Records provided:
= Beginning of Section =

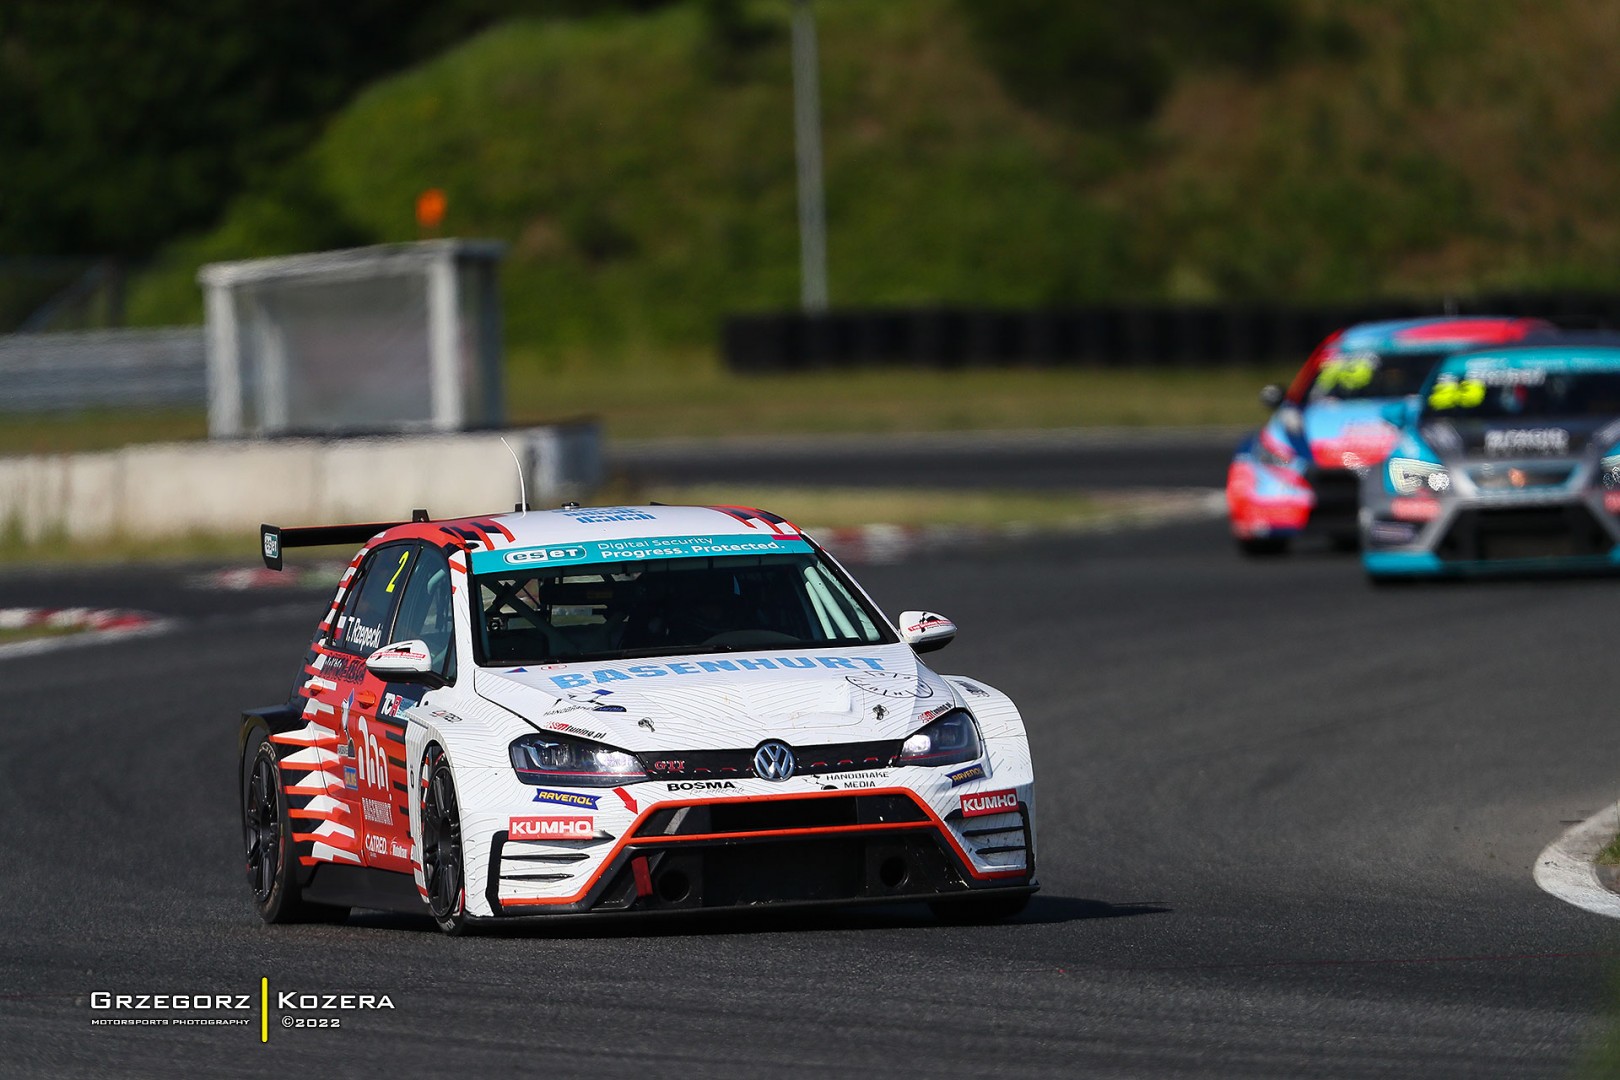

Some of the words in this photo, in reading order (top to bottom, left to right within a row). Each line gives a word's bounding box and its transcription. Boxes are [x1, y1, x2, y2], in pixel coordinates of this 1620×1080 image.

[597, 540, 649, 550] Digital
[652, 536, 714, 547] Security
[600, 546, 689, 559] Progress.
[692, 540, 786, 553] Protected.
[385, 551, 409, 593] 2
[345, 616, 355, 641] T.
[350, 618, 384, 651] Rzepecki
[549, 657, 886, 690] BASENHURT
[381, 692, 403, 718] TCR
[654, 759, 685, 770] GTI
[826, 771, 889, 781] HANDBRAKE
[666, 781, 736, 792] BOSMA
[844, 780, 876, 789] MEDIA
[539, 791, 596, 806] RAVENOL
[963, 793, 1018, 812] KUMHO
[512, 820, 593, 835] KUMHO

= End of Section =

Work instructions: Return every entry above word for word, leaving pictures out.

Answer section:
Some of the words in this photo, in reading order (top to bottom, left to right within a row). Each line gives a word's bounding box and its transcription. Boxes are [x1, y1, x2, y2], in pixel coordinates of this 1620×1080 image.

[597, 540, 649, 550] Digital
[652, 536, 714, 547] Security
[600, 546, 689, 559] Progress.
[692, 540, 786, 553] Protected.
[385, 551, 409, 593] 2
[345, 616, 355, 641] T.
[350, 618, 384, 651] Rzepecki
[549, 657, 886, 690] BASENHURT
[381, 692, 403, 718] TCR
[654, 759, 685, 770] GTI
[826, 771, 889, 781] HANDBRAKE
[666, 781, 736, 792] BOSMA
[844, 780, 876, 789] MEDIA
[539, 791, 596, 806] RAVENOL
[963, 793, 1018, 812] KUMHO
[512, 820, 593, 835] KUMHO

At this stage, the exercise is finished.